A heart-rending sigh from the tomb behind him was followed by a rattle of dislodged rubbish. Amber found himself unexpectedly in the middle of the street and, without stopping to debate the method of his getting there with such unprecedented rapidity, looked back hopefully to the tomb. At the same moment a black-shrouded figure swept out of it and moved a few paces down the street, then paused and beckoned him with a gaunt arm. "I wish," said Amber earnestly, "I had that gun."
The figure was apparently that of a native swathed in black from his head to his heels and seemed the more strikingly peculiar in view of the fact that, as far as Amber could determine, he had neither eyes nor features although his head was without any sort of covering. He gulped over the proposition for an instant, then stepped forward.

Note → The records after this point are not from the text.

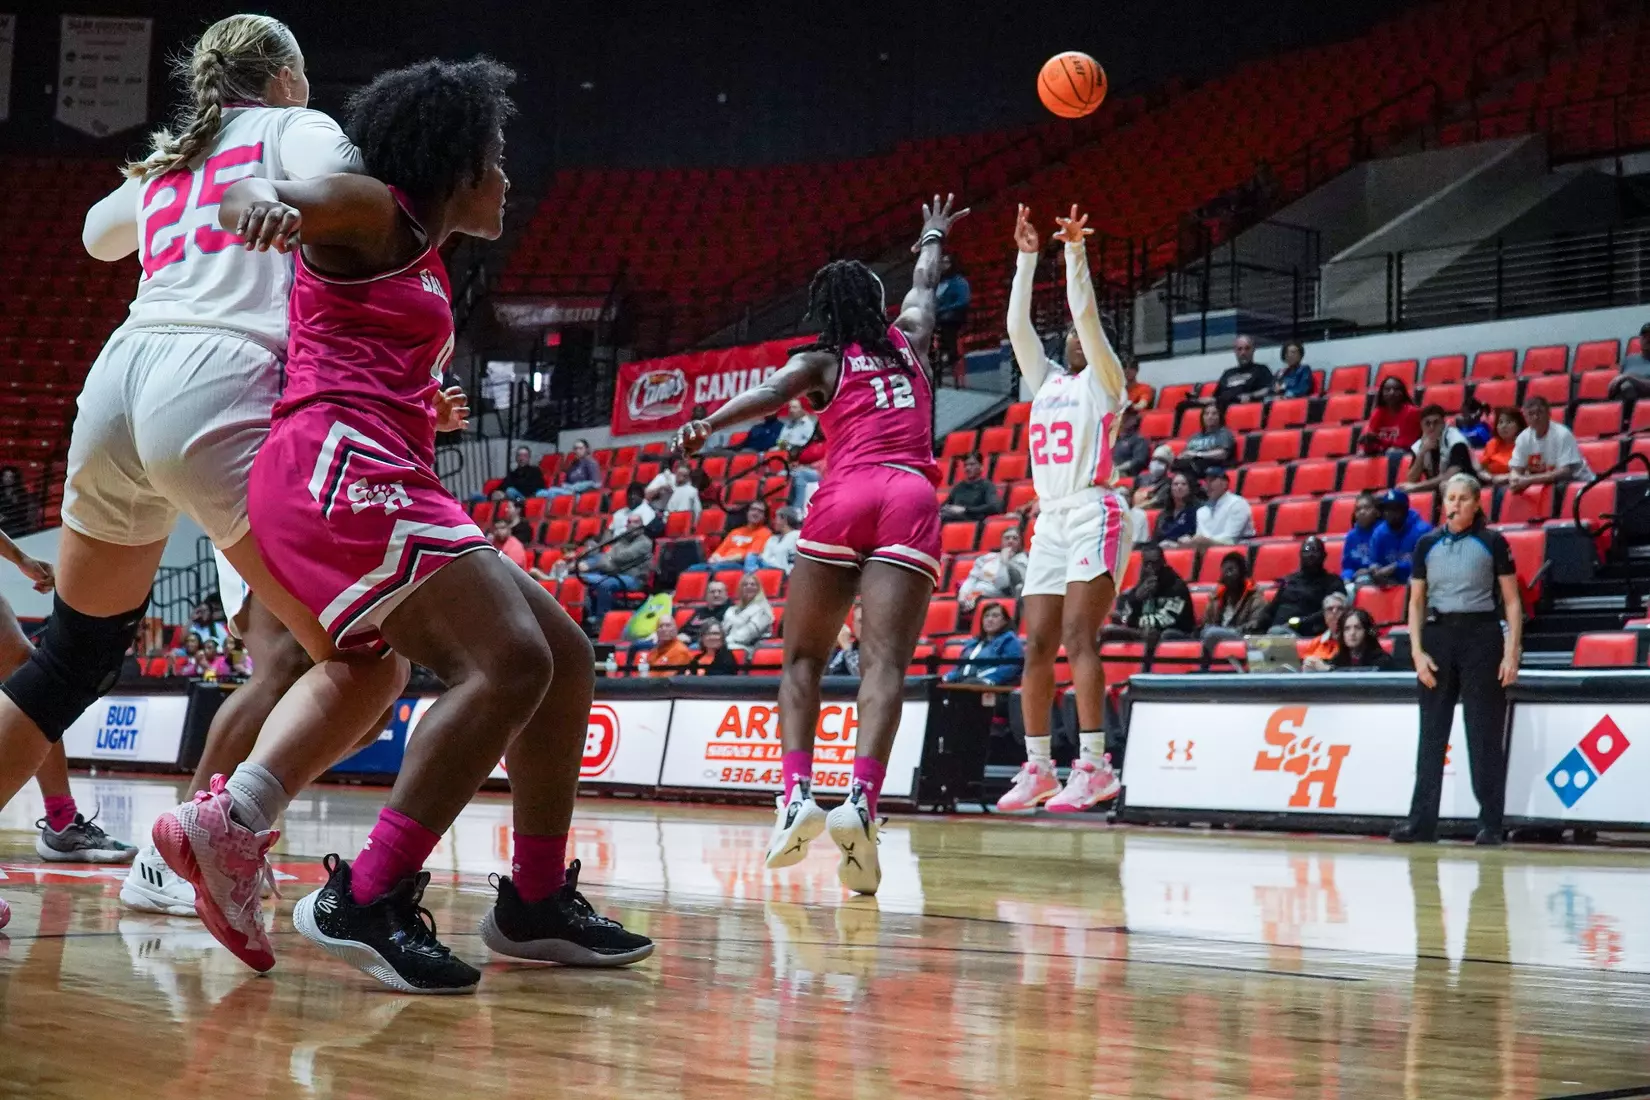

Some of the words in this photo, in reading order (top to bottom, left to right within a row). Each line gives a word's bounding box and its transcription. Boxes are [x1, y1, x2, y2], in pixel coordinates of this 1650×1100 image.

[142, 141, 264, 281] 25
[869, 374, 916, 409] 12
[1030, 421, 1074, 466] 23
[106, 705, 137, 726] BUD
[716, 705, 860, 741] ARTCH
[96, 728, 139, 750] LIGHT
[1253, 705, 1351, 808] SH
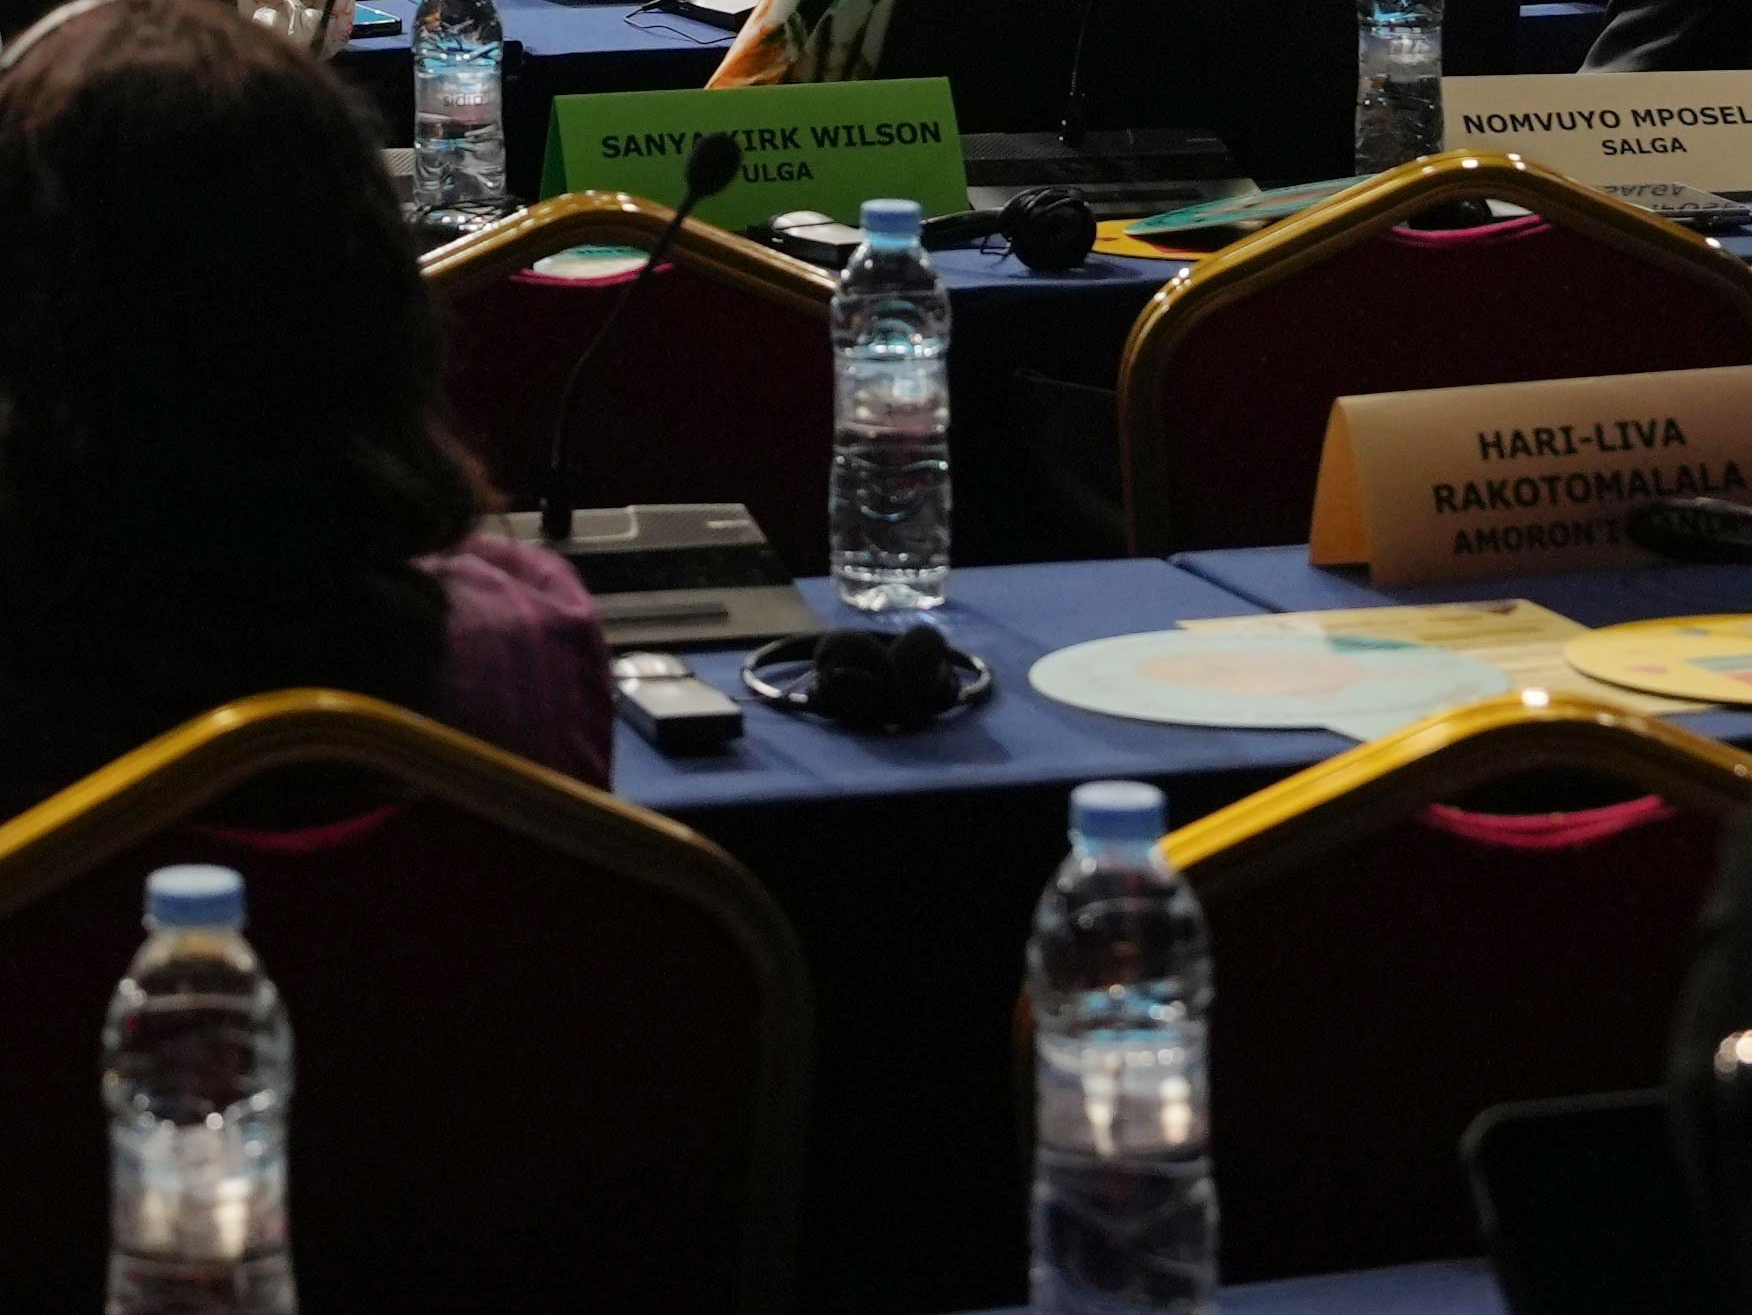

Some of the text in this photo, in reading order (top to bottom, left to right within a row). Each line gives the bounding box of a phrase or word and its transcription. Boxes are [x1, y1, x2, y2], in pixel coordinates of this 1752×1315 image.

[732, 127, 801, 152] IRK
[811, 121, 941, 148] WILSON
[1463, 108, 1621, 135] NOMVUYO
[1602, 137, 1688, 156] SALGA
[1479, 417, 1686, 461] HARI-LIVA
[1433, 461, 1748, 514] RAKOTOMALALA
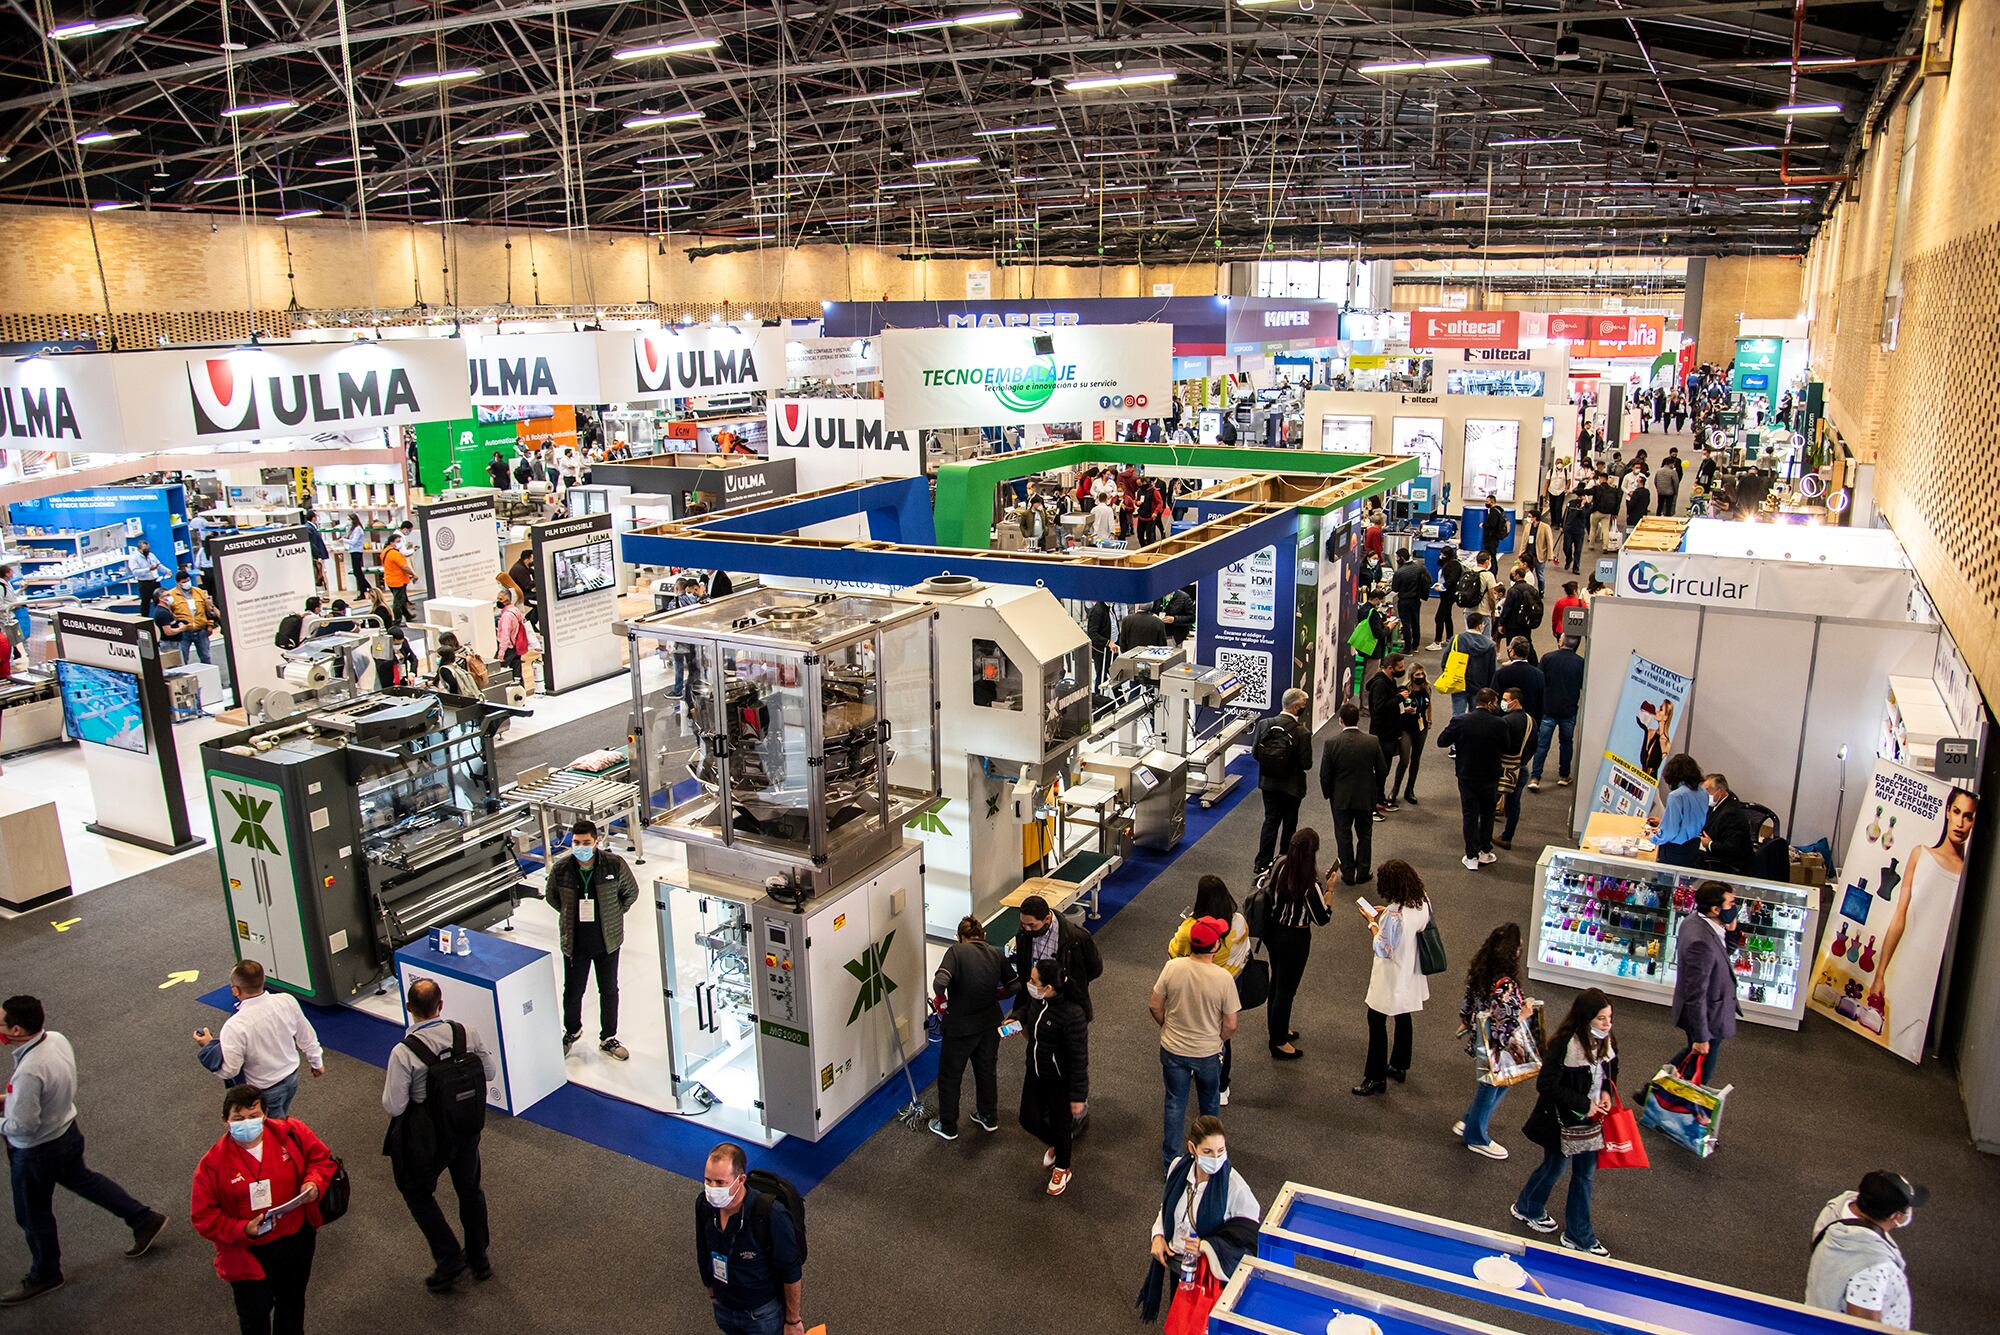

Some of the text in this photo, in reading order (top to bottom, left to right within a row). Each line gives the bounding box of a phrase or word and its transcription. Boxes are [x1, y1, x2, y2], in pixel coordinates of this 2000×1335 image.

"Evidently my appointed cicerone," he considered. "Unquestionably this ghost-dance is excellently stage-managed…. Though, of course, I had to pick out that particular tomb."
He followed in the wake of the figure, which sped on with a singular motion, something between a walk and a glide, conscious that his equanimity had been restored rather than shaken by the incident. "You wouldn't think," he reflected, "that a man like Salig Singh would lend himself to anything so childish. Still, I'm not through with it yet." He conceived a scheme to steal up behind his guide and strip him of his masquerade, but though he mended his pace he got no nearer, and eventually abandoned it on the consideration that it was probably most inadvisable. After all, he had to remember that he was there for a purpose, and a very serious one, and that properly to further that purpose he must comport himself with dignity, submissively, accepting, at least with a show of ease, each new development of the affair along its prearranged lines. And so he held on in pursuit of the black shadow, passing forsaken temples and lordly pleasure-houses, all marble tracery and fretwork, standing apart in what had once been noble gardens, sunken tanks all weed-grown and rank with slime, humbler dooryards and cots on whose hearthstones the fires for centuries had been cold—his destination evidently the temple of the unspeakable Eye.
As they drew nearer the leading shadow forsook the shade of the walls which he had seemed to favour, sweeping hastily across a plaza white with moonglare and without pause on into the black, gaping hole beyond the marble arch.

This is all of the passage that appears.